Meglio il mais… in un’isola di ghiaccio

Il punto è che negli anni la crescita di queste due industrie ha colmato il surplus energetico islandese e ora nel Paese la corrente elettrica è paradossalmente un bene scarso. Per quale motivo l’offerta non si è adeguata?

Perché per i sedicenti ambientalisti persino gli impianti dedicati alle rinnovabili rappresentano una minaccia. Secondo Bloomberg alcuni temono che “la richiesta esponenziale di elettricità da parte dei miner comporterà inevitabilmente un aumento delle centrali elettriche, che potrebbe danneggiare l'ecosistema unico dell'Islanda”.

Il governo socialista appoggia tale visione: lo scorso giugno è stata posticipata l’approvazione del premesso per costruire una nuova centrale 100% idroelettrica “per prendere in considerazione nuove informazioni sui potenziali impatti ambientali del progetto” come riporta il sito d’informazione locale Visir.

A questo punto viene da chiedersi se lo scetticismo nei confronti di Bitcoin, tipico di certi governi e movimenti di attivisti, sia motivato da ragioni concrete oppure dalla semplice ostilità verso il progresso tecnologico ed economico, guidata dalla malsana e auto-distruttiva ideologia della decrescita felice.

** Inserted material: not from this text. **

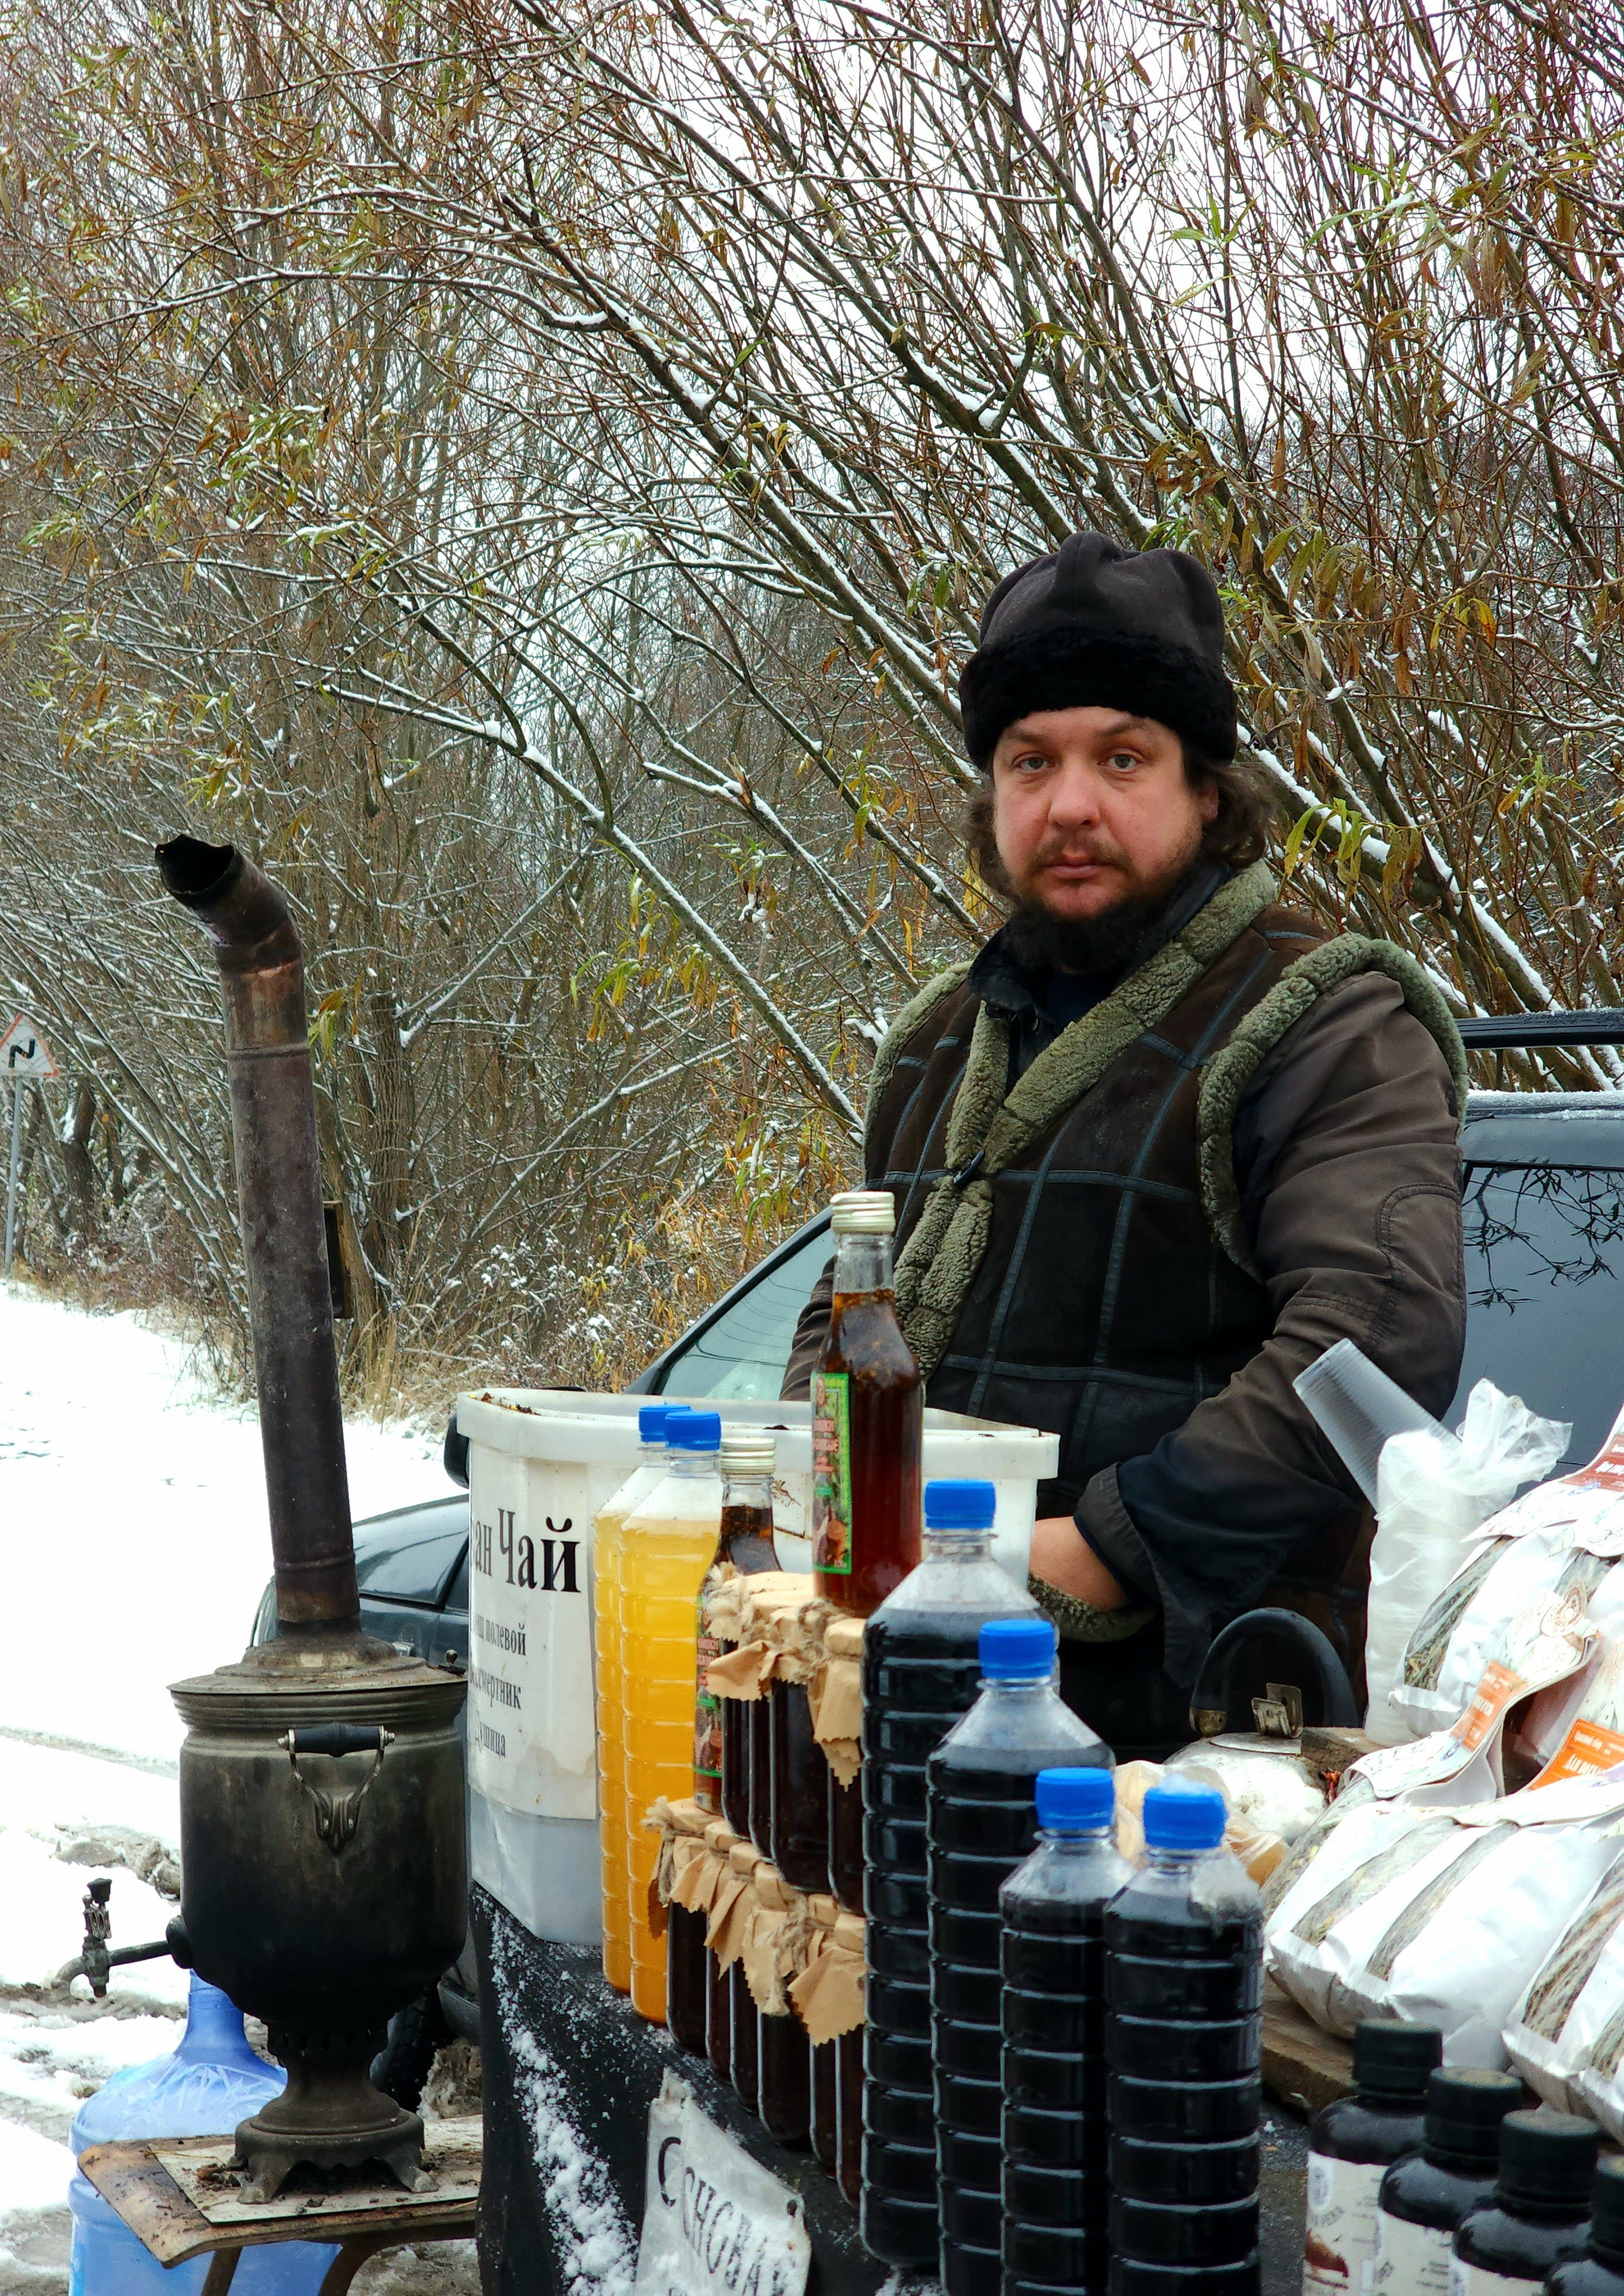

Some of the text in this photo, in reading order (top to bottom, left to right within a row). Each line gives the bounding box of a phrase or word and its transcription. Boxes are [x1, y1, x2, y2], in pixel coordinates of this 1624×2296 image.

[475, 1507, 581, 1594] ан Чай
[486, 1619, 527, 1656] полевой

Ironicamente, secondo il premier la soluzione è sfruttare l’Islanda per attività per cui il territorio nazionale è inadatto. Anziché lasciar prosperare le industrie del mining e dell’alluminio, per la cui operatività le condizioni climatiche sono perfette, e di sfruttarne i proventi economici per l’importazione di materie prime a basso costo, il piano del governo è quello di allocare ingenti risorse per provare a coltivare il mais in un’isola ricoperta di ghiaccio.

Come riporta il Financial Times, “l'Islanda, dove la scarsa luce del giorno e le temperature rigide rendono difficile la coltivazione, sta introducendo un nuovo sistema di finanziamento delle aziende agricole per incrementarne la produzione”. “Bitcoin non è parte della missione”, ha detto il Primo Ministro.

Se non ci fossero i governi e le loro meravigliose idee inefficienti, andrebbero inventati solo per farsi due risate.